Start of Block

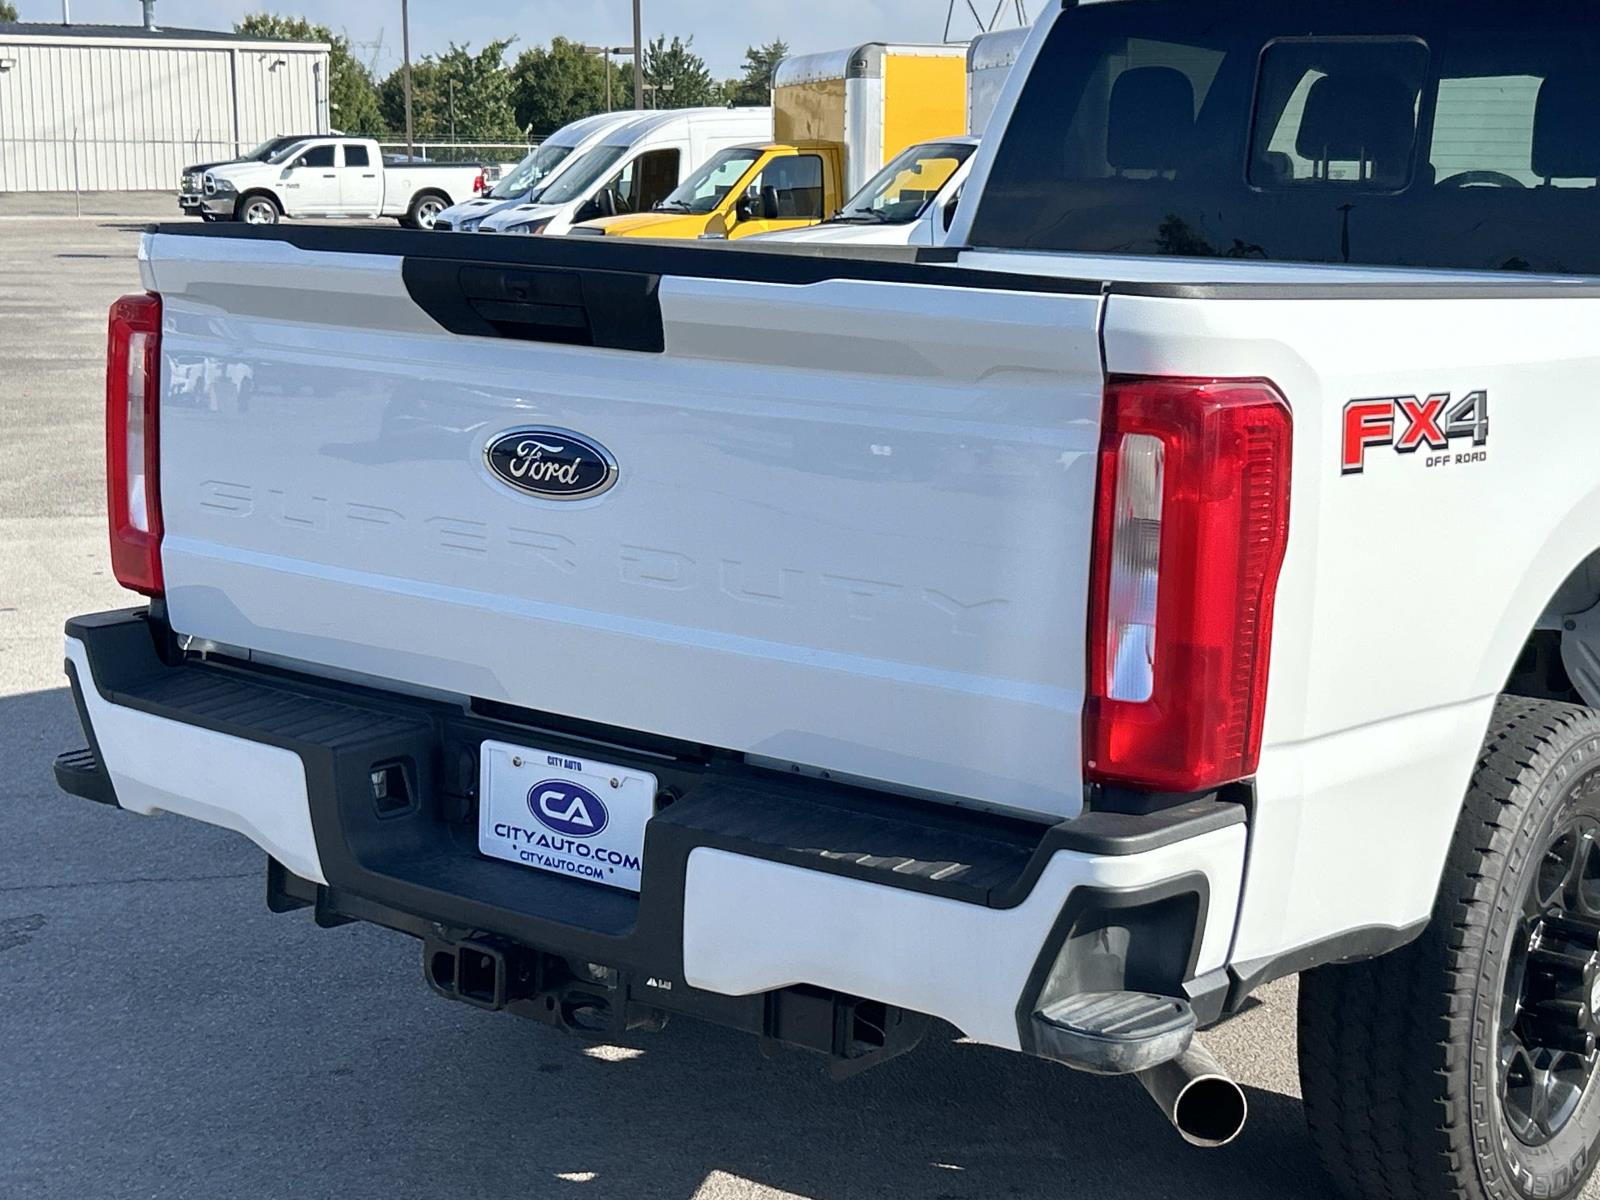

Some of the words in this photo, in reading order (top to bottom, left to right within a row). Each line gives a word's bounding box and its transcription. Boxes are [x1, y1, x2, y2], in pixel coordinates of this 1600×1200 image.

[1341, 389, 1489, 476] FX4
[509, 440, 581, 485] Ford
[1426, 454, 1451, 468] OFF
[1455, 451, 1487, 465] ROAD
[198, 479, 577, 575] SUPER
[619, 543, 1010, 637] DUTY
[547, 756, 563, 767] CITY
[564, 759, 582, 771] AUTO
[539, 790, 594, 827] CA
[494, 823, 641, 871] CITYAUTO.COM
[519, 850, 604, 879] CITYAUTO.COM

End of Block

Output every entry exactly. Pictures stay out.

Some of the words in this photo, in reading order (top to bottom, left to right within a row). Each line gives a word's bounding box and its transcription. Boxes are [x1, y1, x2, y2], in pixel coordinates of this 1600×1200 image.

[1341, 389, 1489, 476] FX4
[509, 440, 581, 485] Ford
[1426, 454, 1451, 468] OFF
[1455, 451, 1487, 465] ROAD
[198, 479, 577, 575] SUPER
[619, 543, 1010, 637] DUTY
[547, 756, 563, 767] CITY
[564, 759, 582, 771] AUTO
[539, 790, 594, 827] CA
[494, 823, 641, 871] CITYAUTO.COM
[519, 850, 604, 879] CITYAUTO.COM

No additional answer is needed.